A solution to the RDF publishing dilemma
The Semantic Web is a vision about the Web in which computer programs can process not only the syntax structure but also the semantic meaning of Web pages. To achieve this , we invented knowledge representation languages like RDF and OWL. The idea is that we will use these languages to describe the meta-data about a Web page and the semantic meaning of its content.
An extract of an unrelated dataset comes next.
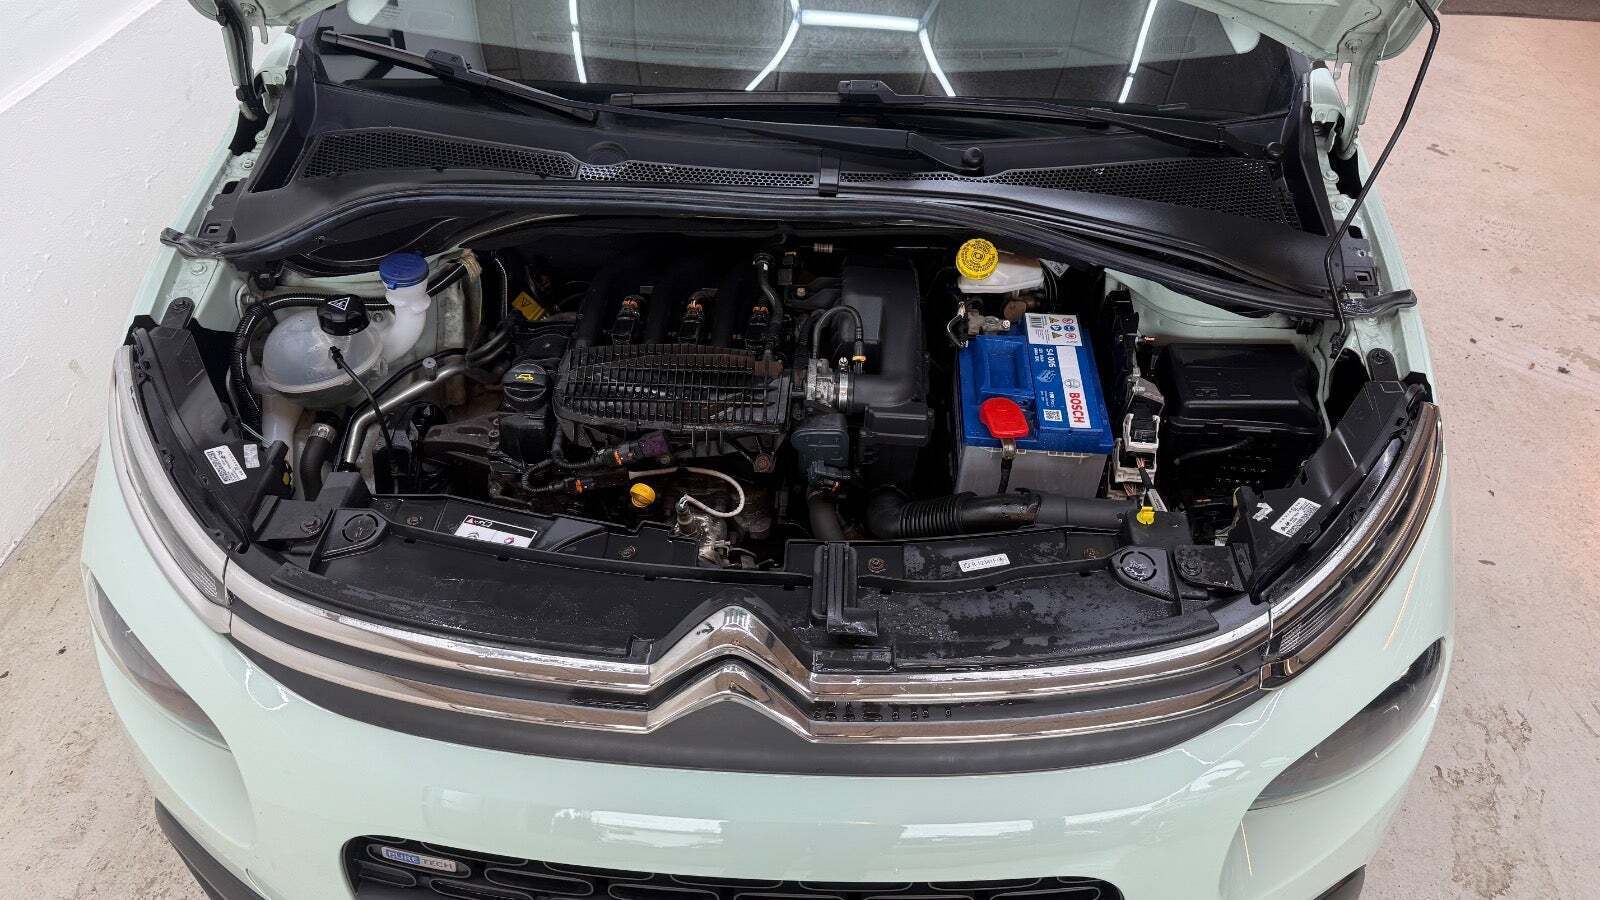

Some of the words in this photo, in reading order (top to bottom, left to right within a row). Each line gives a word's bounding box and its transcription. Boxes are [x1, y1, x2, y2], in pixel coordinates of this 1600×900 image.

[1069, 392, 1085, 424] BOSCH
[387, 851, 418, 863] PURE
[423, 858, 453, 870] TECH
One question remains to be unanswered — how should we publish RDF documents on the Web?
I called this the RDF publishing dilemma. In the Semantic Web, should a content creator publish an explicit semantic description of an HTML page in a separate RDF document, or should the semantic information be embedded within the HTML page itself? There are pros and cons associated with either approaches.
If the semantic information is described in a separate RDF document, it simplifies the editing and the management of documents. RDF documents will be treated like other Web documents — e.g., unique URL for each document and no messy syntax mashup between RDF and HTML. However, it has some disadvantages. Version controls become a bit more complex because we need to maintain information consistence between an RDF and an HTML document. Also, it discourages Web designers from adopting the Semantic Web idea because many see the creation of RDF documents as an extra task that gives no immediate benefit.
On the other hand, if semantic information is embedded within the HTML pages, it simplifies version control and lowers the barrier for Web designers to create semantic documents. Adding semantics to an HTML page is simply adding new tags to the existing page. But, this approach has its own problem. Because embedding semantic information in a Web page (e.g., RDF + HTML), it imposes significant overhead and challenge for computer programs to process the document — extra logic needs to be implemented to parse and extract RDF description from the HTML pages.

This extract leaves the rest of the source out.